Government reform activists say they haven’t forgotten state lawmakers’ pledges to address the blind spots in Pennsylvania law on accepting gifts.
On Tuesday in a relatively deserted state Capitol, Harrisburg’s most avid gadflies renewed their push to ban public officials from accepting any gifts.
“This has to be statutory. It has to be legislation. It has to impact all three branches,” said Eric Epstein of Rock the Capital.
Pennsylvania state lawmakers and public officials are allowed to accept gifts, including cash,as long as the gifts valued at $250 or more are reported. Gifts of transportation lodging, and hospitality must be reported only if they reach a $650 value.
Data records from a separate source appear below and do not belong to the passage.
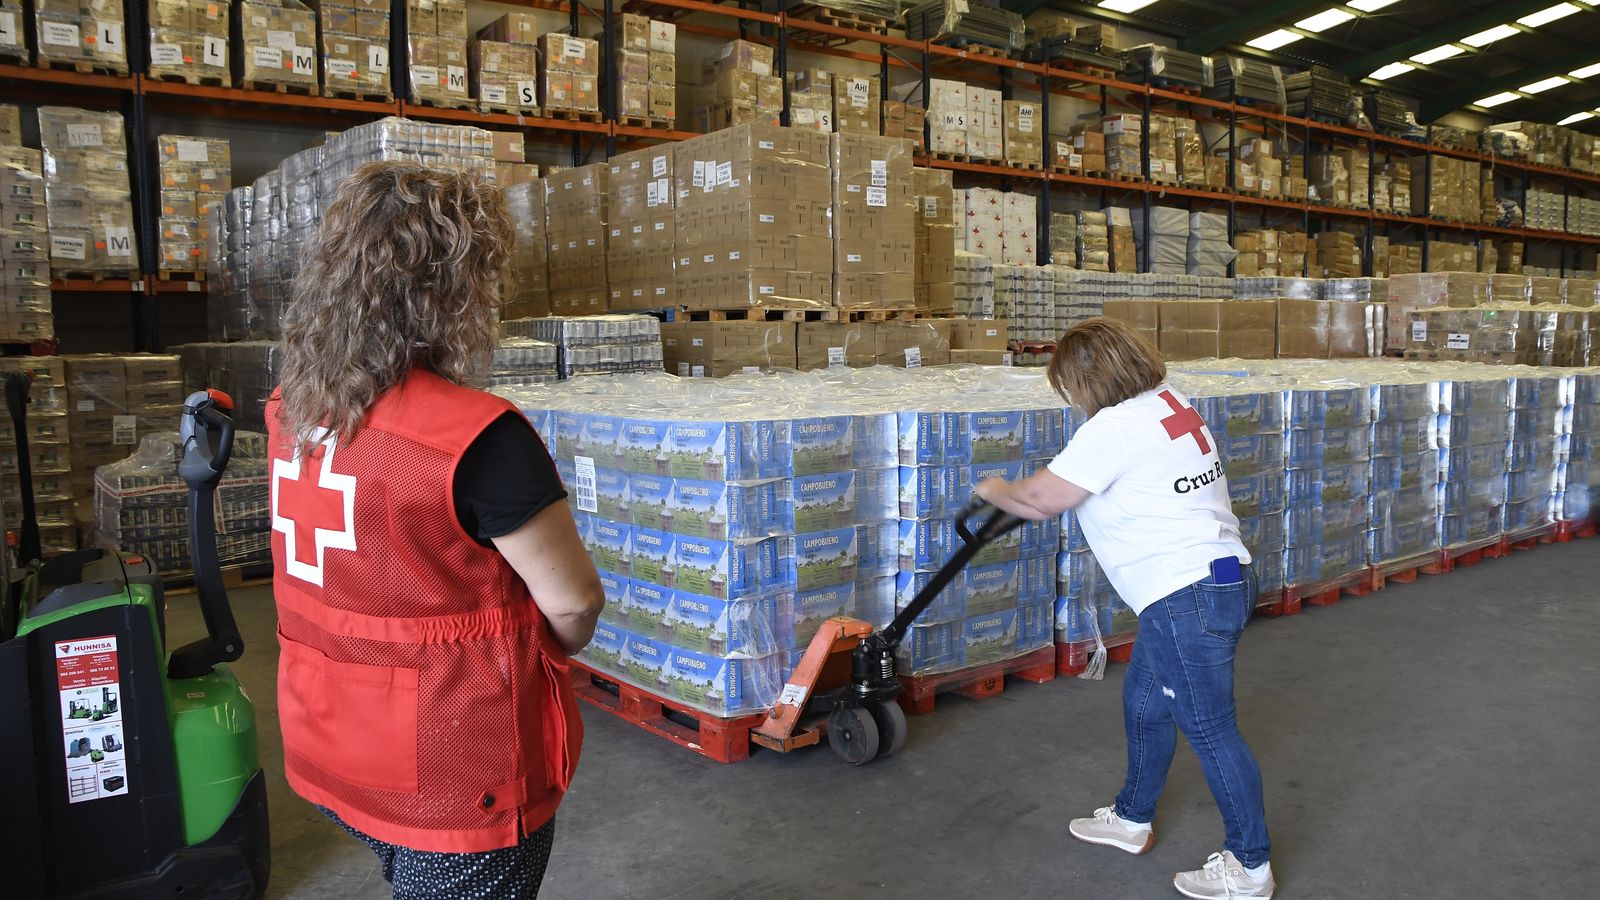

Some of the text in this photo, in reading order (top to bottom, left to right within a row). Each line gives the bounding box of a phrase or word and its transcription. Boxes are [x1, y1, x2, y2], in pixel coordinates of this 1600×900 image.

[104, 29, 114, 44] L
[210, 43, 219, 57] L
[296, 55, 312, 70] M
[375, 54, 383, 67] L
[450, 74, 464, 87] M
[522, 87, 533, 103] S
[822, 115, 829, 126] S
[946, 115, 954, 124] M
[958, 116, 964, 126] S
[111, 236, 129, 250] M
[977, 416, 1008, 425] CAMPOBUENO
[675, 428, 706, 438] CAMPOBUENO
[799, 423, 834, 434] CAMPOBUENO
[800, 480, 836, 492] CAMPOBUENO
[1173, 468, 1216, 494] Cruz
[680, 486, 709, 497] CAMPOBUENO
[681, 542, 710, 555] CAMPOBUENO
[803, 535, 840, 549] CAMPOBUENO
[763, 541, 772, 578] CAMPOBUENO
[973, 569, 1003, 581] CAMPOBUENO
[801, 591, 837, 605] CAMPOBUENO
[679, 599, 709, 613] CAMPOBUENO
[971, 617, 1002, 631] CAMPOBUENO
[74, 642, 112, 652] HUNNISA
[676, 655, 707, 671] CAMPOBUENO
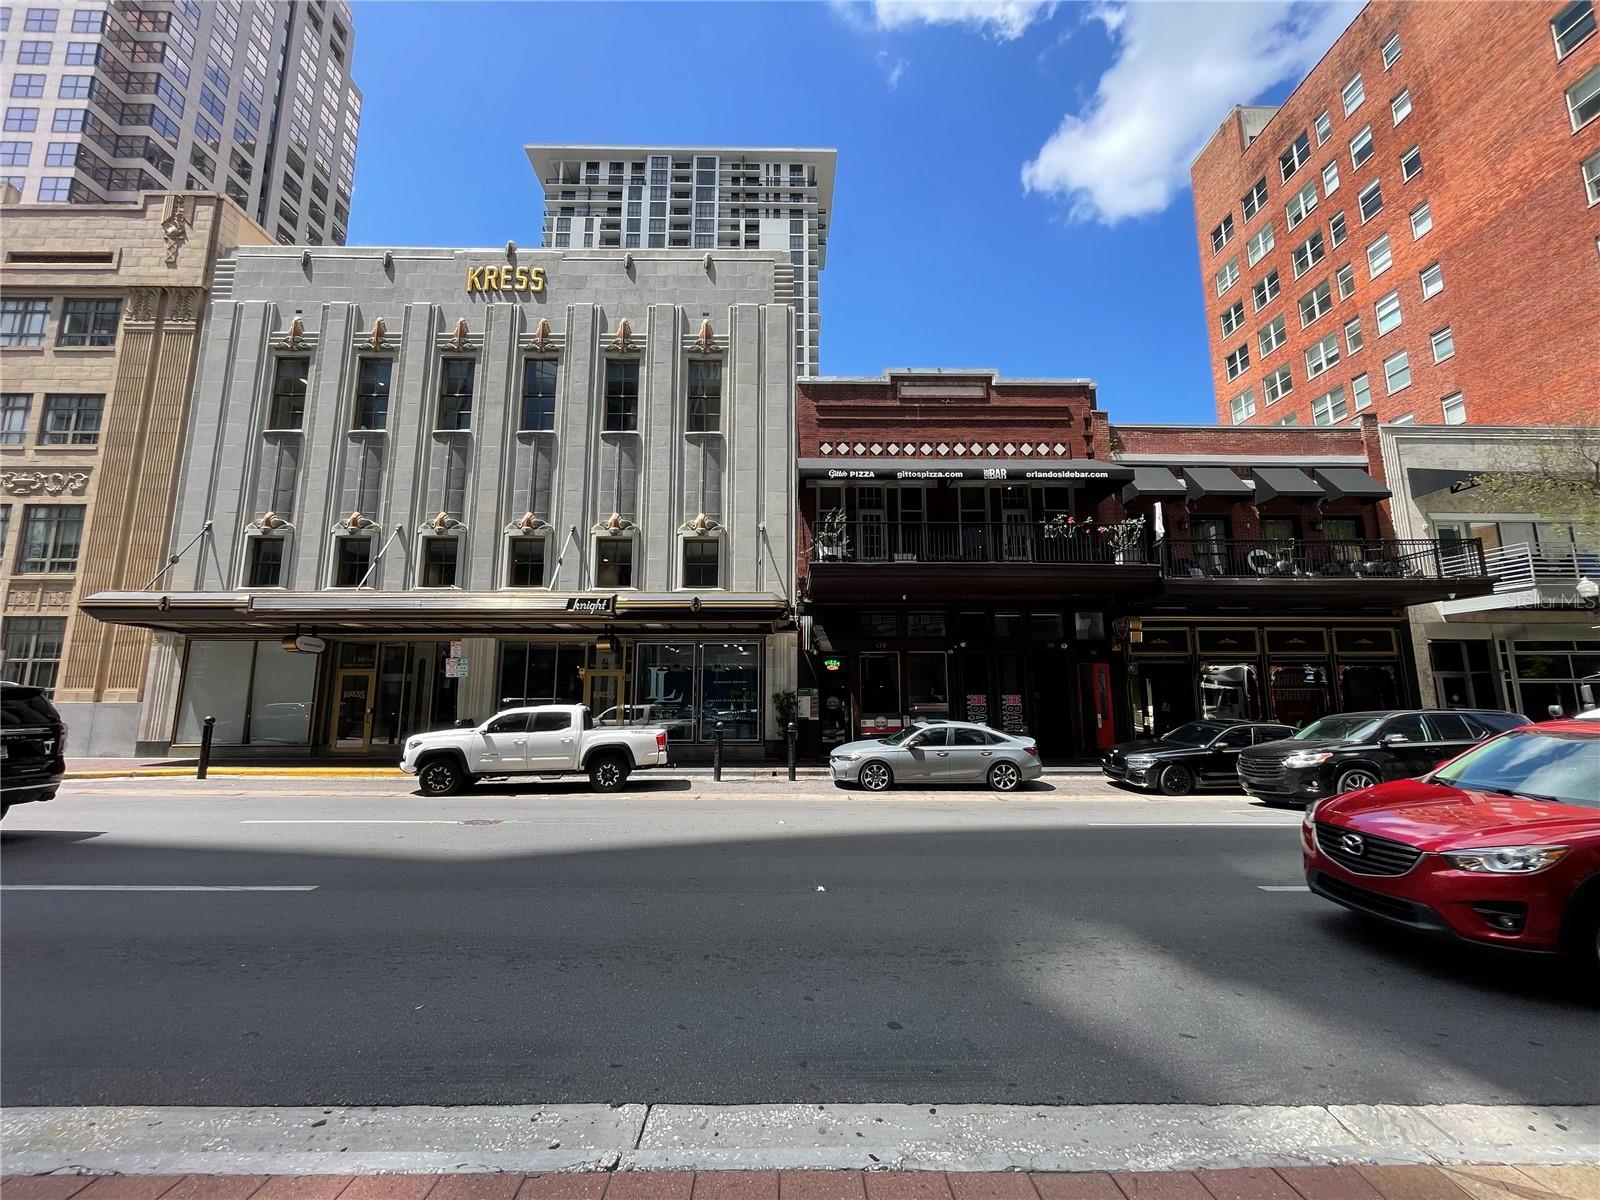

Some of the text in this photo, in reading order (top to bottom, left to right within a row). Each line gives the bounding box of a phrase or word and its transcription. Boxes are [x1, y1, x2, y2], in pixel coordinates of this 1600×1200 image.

The issue rose to prominence after newspaper reports in March that five Philadelphia Democrats, four of them House members, accepted money or gifts from an undercover informant working for state prosecutors. No one has been charged.
There were immediate results: The House and Senate approved rules in April discouraging state lawmakers from taking cash gifts. But no new law has been passed.
“It’s time to shame Pennsylvania’s ruling class into ending this disgusting habit of rewarding themselves,” Epstein said. “This is disgusting. There’s no other way to put it. Giving a gift to a politician, you’re expecting a return.”
The Senate passed a ban last month on public officials and their employees accepting cash gifts. The House is not expected to take it up until after a June hearing.
Epstein and fellow activist Gene Stilp held up giant pseudo-currency emblazoned with the governor’s picture. Stilp dubbed the fake money “Corbucks” and said he would be taking it around to legislators’ offices, asking to bribe them in exchange for a total gift ban law.
“Eric, I never thought we’d stoop so low as to use bribery to get a bill passed,” Stilp said to Epstein.
“Look,” Epstein said. “If you can’t beat ’em, bribe ’em.”